Más yo y menos ellos.

Más difícil de encontrar.

—¿Te gusta? —pregunté siguiéndola adentro de casa.

—Lo importante es que te guste a ti.

Me encantaba.

—Me imagino que eso tiene algo que ver con tu visita —continuó haciéndome entrar en el salón.

Asentí mientras me quitaba el abrigo y los guantes y observaba la habitación. Nunca antes había estado en su casa y lo único que conocía era la puerta principal y las escaleras estrechas que bajaban al gimnasio. Todo lo demás había sido un secreto. La sala parecía un museo, con las paredes cubiertas de pinturas y retratos, las mesas llenas de jarrones y pequeñas estatuas, alguna foto y muchas flores. Era acogedora.

Edith me señaló el sillón y se sentó enfrente, hundiéndose un poco en los cojines. Se me hacía extraño verla con un vestido azul y el pelo recogido y adornado con un abalorio. En los entrenamientos, siempre llevaba el moño simple, pegado a la nuca, y la falda negra y amplia que le permitía comodidad para enseñarnos todos los movimientos. Jamás habría llevado una camisa de mangas rígidas, como en ese momento.

—Tú dirás —me instó mirándome directamente a los ojos.

Tragué saliva. Esa iba a ser la primera vez que contara mi historia y siempre había pensado que, si alguien se enteraría primero, esa sería Oli. Quizá porque yo decidiría sincerarme, quizá porque ella era demasiado curiosa con todo lo que me rodeaba. No me extrañaba, había conseguido mantener la verdad oculta demasiado tiempo a costa de algunas excusas no demasiado creíbles.

«Tú dirás», me dijo. Y se lo conté. Londres me había cambiado tanto que el principio del relato se me antojó tan lejano como una leyenda, casi como si hablara de otra persona. En cierto modo, así era. Le hablé de Escocia. Le hablé de quién era, de mis padres —las palabras «vizconde y vizcondesa de Ballater» me rasparon la garganta al pronunciarlas—, de mi vida antes de él. También le hablé de él, de cómo lo encontramos —encontraron—, de cómo nos casamos, de cómo se torció. Le hablé de España, del miedo, del parto, del tren en Sevilla, de la estación de Toulouse. Le hablé del tiempo que estuve allí, de la necesidad de regresar y disculparme y del pavor que me producía hacerlo. Del barco que me devolvió a Inglaterra y de cómo nunca llegué a Escocia. De cómo Londres se convirtió en mi nueva casa y de cómo tendría que dejarla, tarde o temprano.

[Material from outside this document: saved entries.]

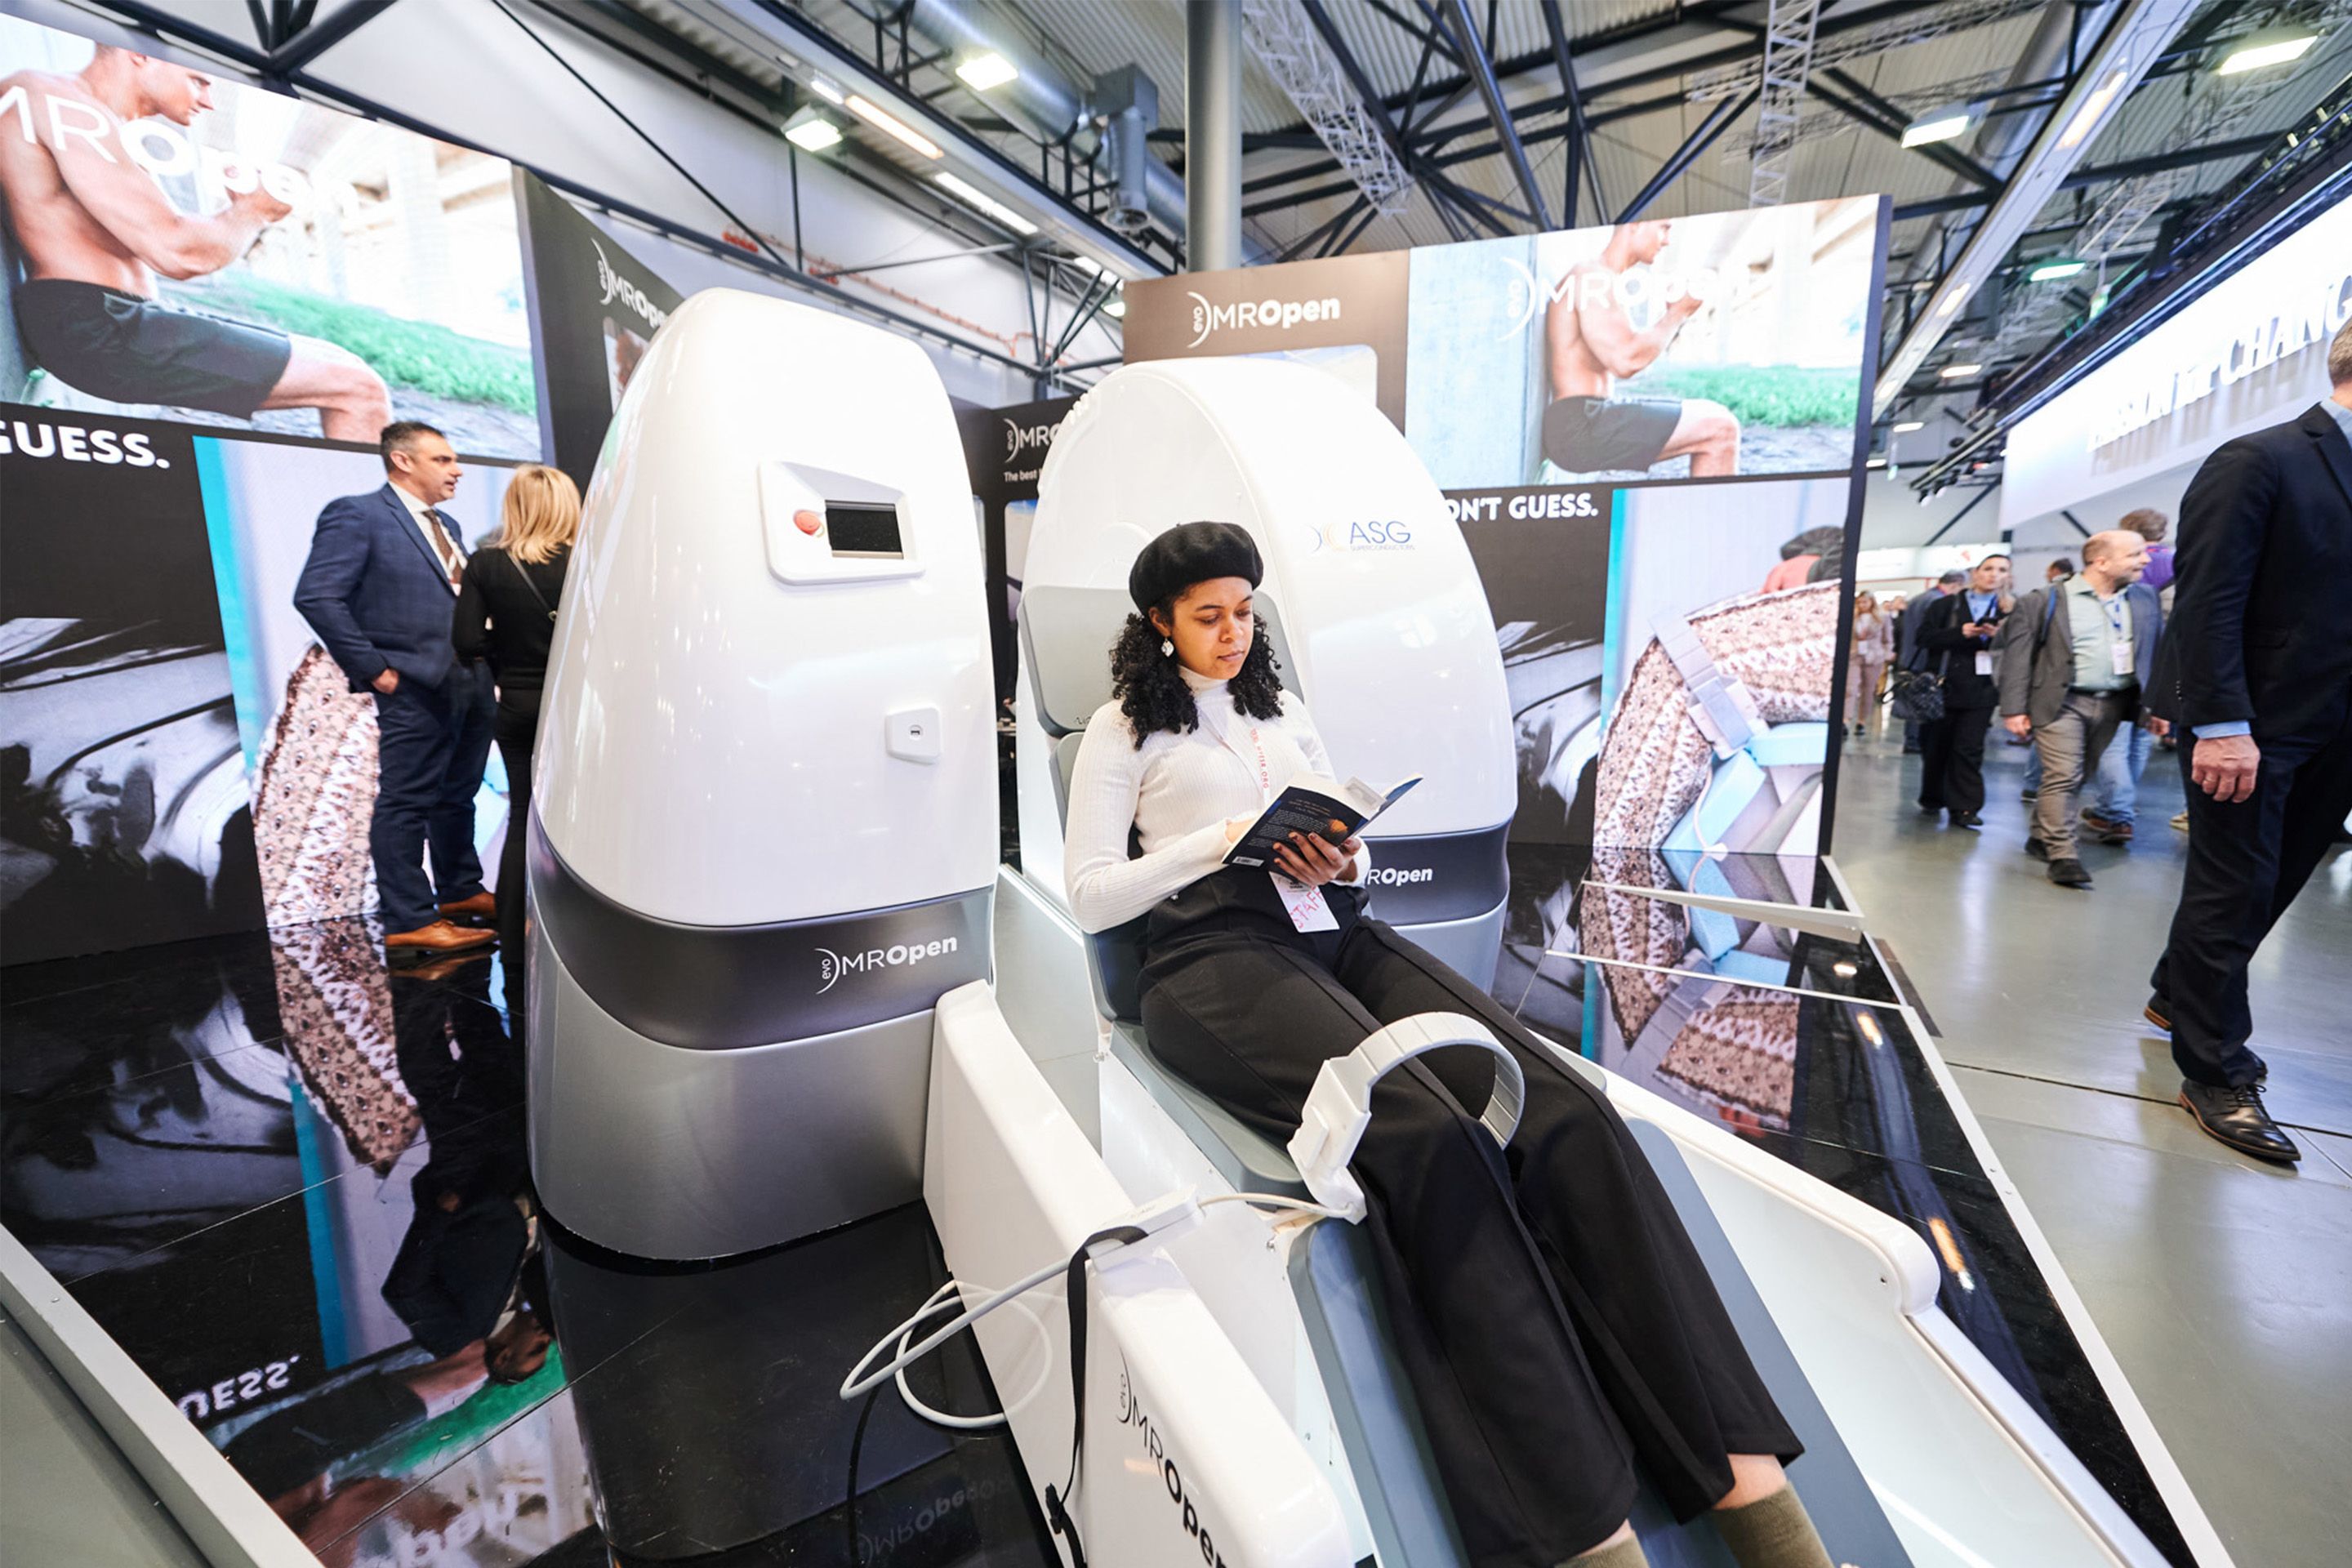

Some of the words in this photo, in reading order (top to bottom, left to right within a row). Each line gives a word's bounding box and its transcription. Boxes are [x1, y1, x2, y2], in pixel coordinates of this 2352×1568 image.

[1212, 297, 1340, 331] MROpen
[1004, 471, 1018, 483] The
[1019, 470, 1037, 481] best
[1508, 492, 1599, 519] GUESS.
[1350, 520, 1411, 545] ASG
[822, 958, 831, 980] evo
[842, 937, 958, 976] MROpen

Más temprano que tarde, en realidad.

Le hablé de todo eso sin atreverme a mirarla a los ojos, a pesar de que los suyos me escocían en la piel. Lo hice balanceando el pie de forma nerviosa contra la alfombra del suelo, mordiéndome el labio, acariciando mi nuevo peinado, limpiándome las lágrimas furtivas que no conseguía retener. Le hablé con el corazón en la mano y temí su reacción. Por mentirosa, por exagerada, histérica, cobarde. Me diría que así eran todos los matrimonios, que la vida no era un cuento de hadas y que el amor a veces dolía.

En su lugar, se inclinó un poco hacia delante y me rodeó las manos con las suyas.

—Has sido muy valiente.

Sus palabras fueron un soplo de aire fresco y sentí que el camino hacia mis pulmones volvía a estar libre, que mi pecho subía y bajaba al ritmo de mi respiración, más calmada, menos dolorosa.